The word marginalize means to treat (a person or group) as insignificant or peripheral. As you read U.S. history during the height of immigration (1892-1954), you will see how groups of people were marginalized.
For example, take the Irish. Today about 34 percent of Americans trace their roots to Ireland or about 11 percent of our population. The reason is that about one million emigrated from Ireland in a seven-year span (1845-1852), causing Ireland’s population to drop between 20-25 percent. Many fled to Boston, and in one year Boston’s Irish population jumped from 30,000 to 100,000. Looking for labor, many Irish turned to servitude – 70 percent of servants in Boston were Irish immigrants. Many Bostonians believed the Irish were a servant race – marginalization (Click here to read more about the Irish in America.). But attitudes have changed. Today, some of us celebrate the Irish influence through Notre Dame football. Go Irish!

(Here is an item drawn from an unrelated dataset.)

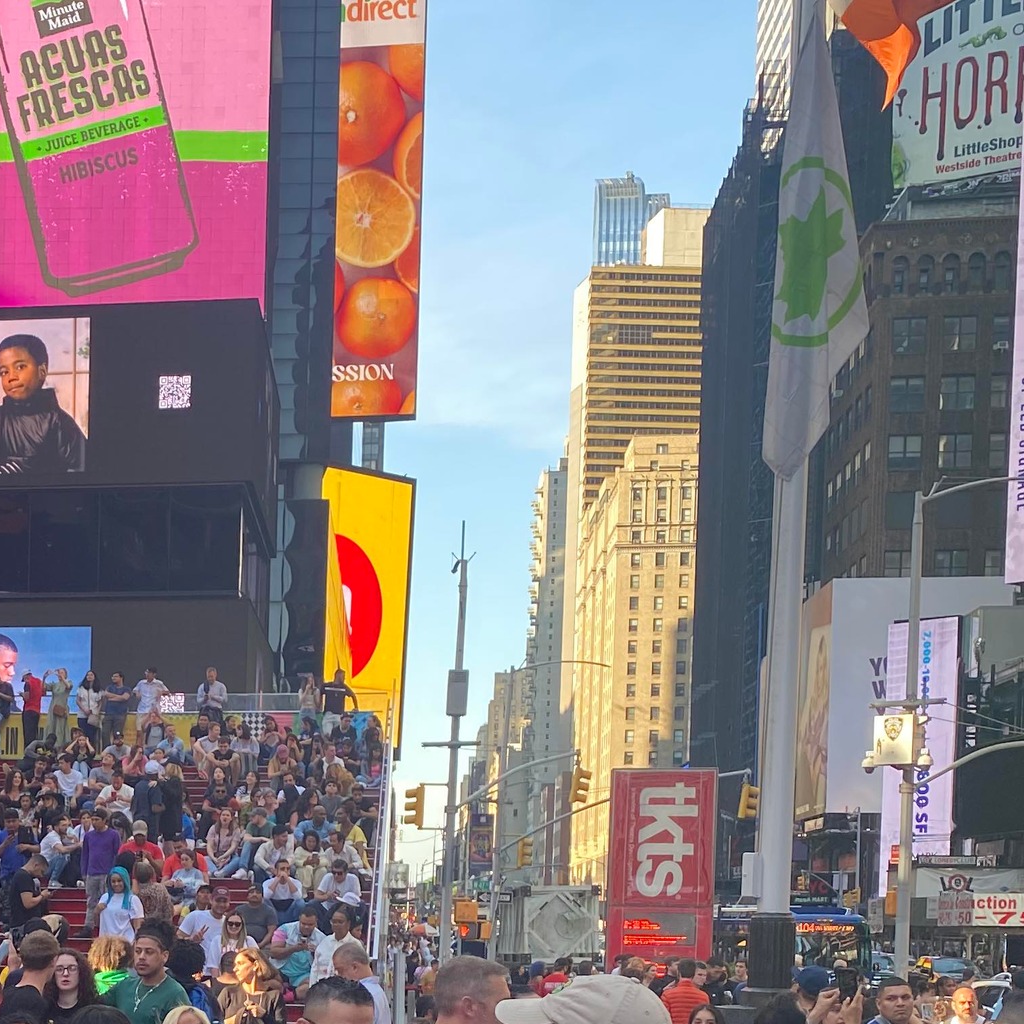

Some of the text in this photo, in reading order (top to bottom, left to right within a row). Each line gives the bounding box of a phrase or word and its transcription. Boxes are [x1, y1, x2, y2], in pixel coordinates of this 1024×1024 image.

Not only are new people arriving in America marginalized by language, culture, customs, clothing, food, etc., at the same time we can marginalize them by our attitudes. For example, I’ve heard the dismissive characterization “Those people.” At the same time, using possessive language people say, “This is my country” or, “They are taking over our country.” I’ve often reflected if my relatives were marginalized when they entered America not speaking English and dressed in their native attire.
Over the years of seeking to mobilize U.S. churches to accelerate the Great Commission among the nations “on our doorstep” through the ministry of Internationals USA, under the auspicious of Encompass World Partners, I’ve heard many marginalized attitudes. As you read through the list (and chuckle at some of them), ask if these attitudes reflect the passion of God’s heart who “so” loved the world and demonstrated His love even when were aliens and strangers, even enemies.
- Why, in the world, are there so many languages? (Currently, there are 7,472).
- I don’t think it’s good to mix so many languages together in one place!
- Why can’t everyone in America just speak English?
- Why do I have to listen to an airport announcement in Spanish in the “heartland” (Indianapolis) while waiting to fly on an American airline?
- Frankly, I don’t like people from other cultures and languages! (You may not like heaven!).
- We’re losing our country!
- I don’t want to “Press 1” to continue my phone call in English!
- What about “inter-racial” marriages?
- Why does a product catalog have to come in multiple languages?
- This is my country and “those” people are taking it over!
- Do you know how hard it is to understand somebody with an accent through a “fast-food” speaker box?
- And I don’t like my “fast-food” order messed up because the person taking the order doesn’t speak English good (pun intended).
- I want to be able to understand the person when I call “tech support.”
- I could barely understand my college science professor through his thick accent!
Yes, when people of differing languages and cultures come into proximity, there will be inevitable cultural clashes. That’s a given. Instead of reacting, we should respond as Jesus did when he looked upon the masses with compassion, knowing that men and women from “every tribe, language, people, and nation” would comprise His body thus fulfilling the promise He made to Abram in Genesis 12:1-3 and used as an illustration in Hebrews 6:13.